To qualify, an application must cover a product or process that is subject to an applicable FDA approval for COVID-19 use. Examples of such FDA approvals given by the USPTO include an Investigational New Drug (IND) application, an Investigational Device Exemption (IDE), a New Drug Application (NDA), a Biologics License Application (BLA), a Premarket Approval (PMA), and an Emergency Use Authorization (EUA). 

At least initially, the C-19 PEPP will be available only to applicants that qualify for small or micro entity status, and initially will be limited to 500 applications. The USPTO will periodically evaluate the scope of the C-19 PEPP and determine if it should be expanded or limited.

Requests for expedited examination under the C-19 PEPP must be made at the time the non-provisional application is filed, or with or after filing a request for continued examination (RCE). A request may be made in a newly filed continuation application, but applications that claim priority to two or more non-provisional applications are not eligible to participate. The USPTO plans to release a form that will contain the necessary certifications for qualification, and encourages use of the form to facilitate and expedite processing of requests to participate in this new program.

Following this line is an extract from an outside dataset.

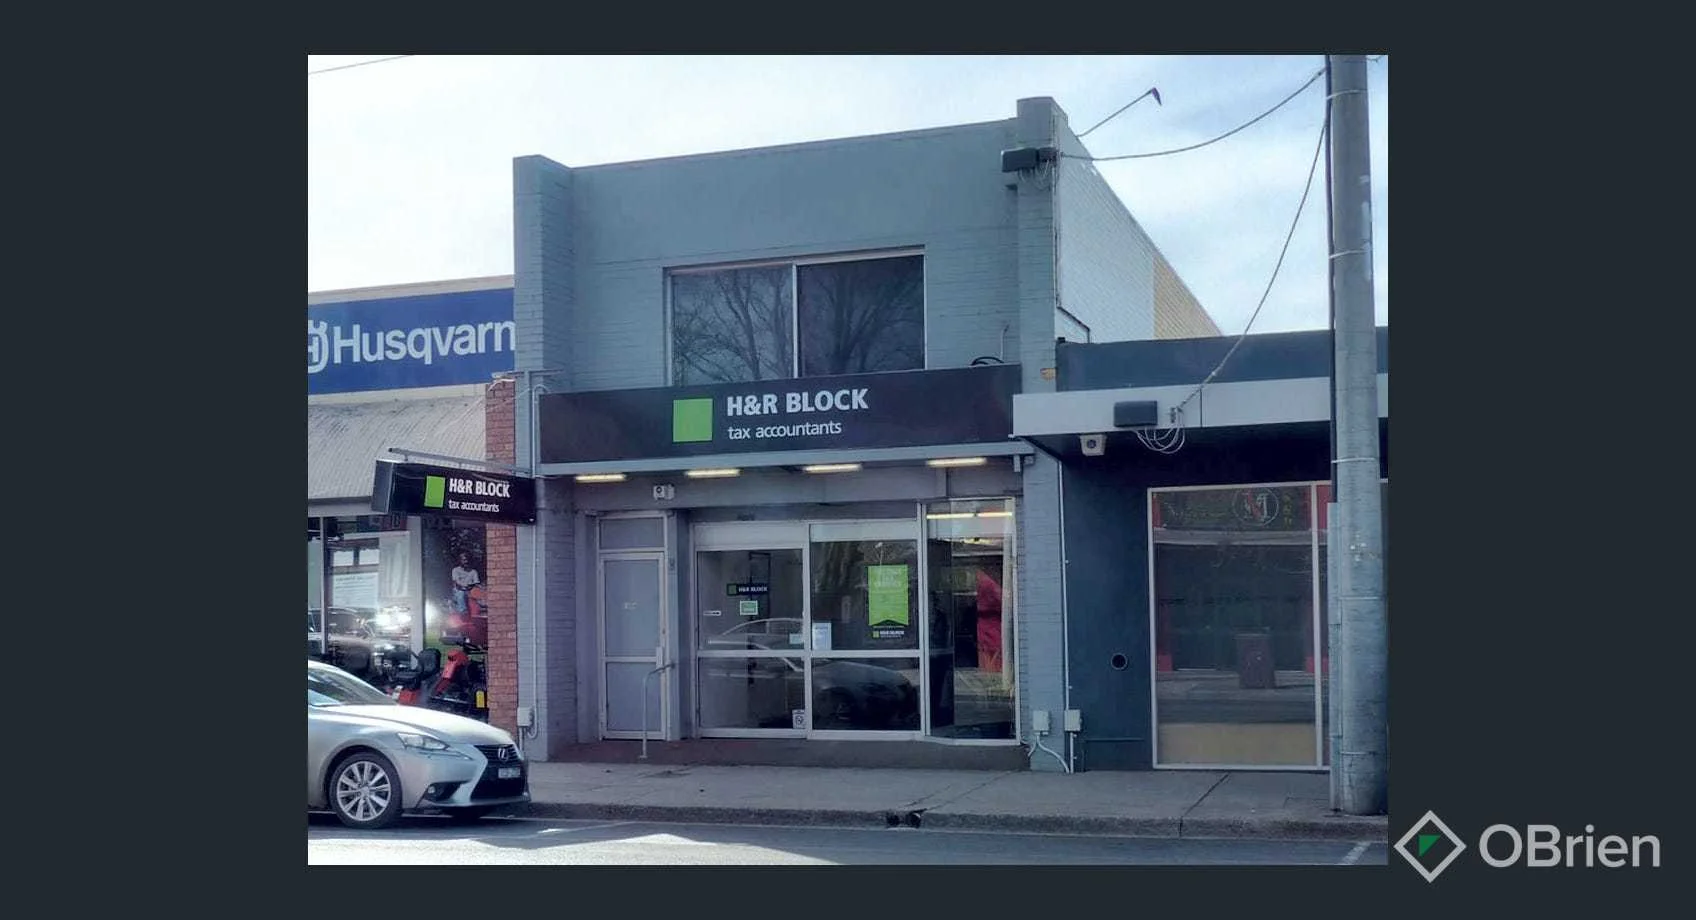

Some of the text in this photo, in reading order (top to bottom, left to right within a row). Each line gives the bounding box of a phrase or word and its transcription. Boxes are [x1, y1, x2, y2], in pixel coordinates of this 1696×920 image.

This program presents a unique opportunity for sole inventors, university researchers, and small businesses to significantly shorten the patenting process from a few years to a few months for qualifying applications. In turn, the potential opportunity to obtain a patent in substantially less time at lower cost may help bring important new technologies to market and be attractive to potential investors.

The C-19 PEPP is one of several initiatives the USPTO has rolled out in response to the COVID-19 pandemic. Other initiatives include the ability of those personally affected by the COVID-19 pandemic to defer certain patent and trademark deadlines until June 1, 2020, and the creation of the Patents 4 Progress web-based marketplace for COVID-19-related intellectual property.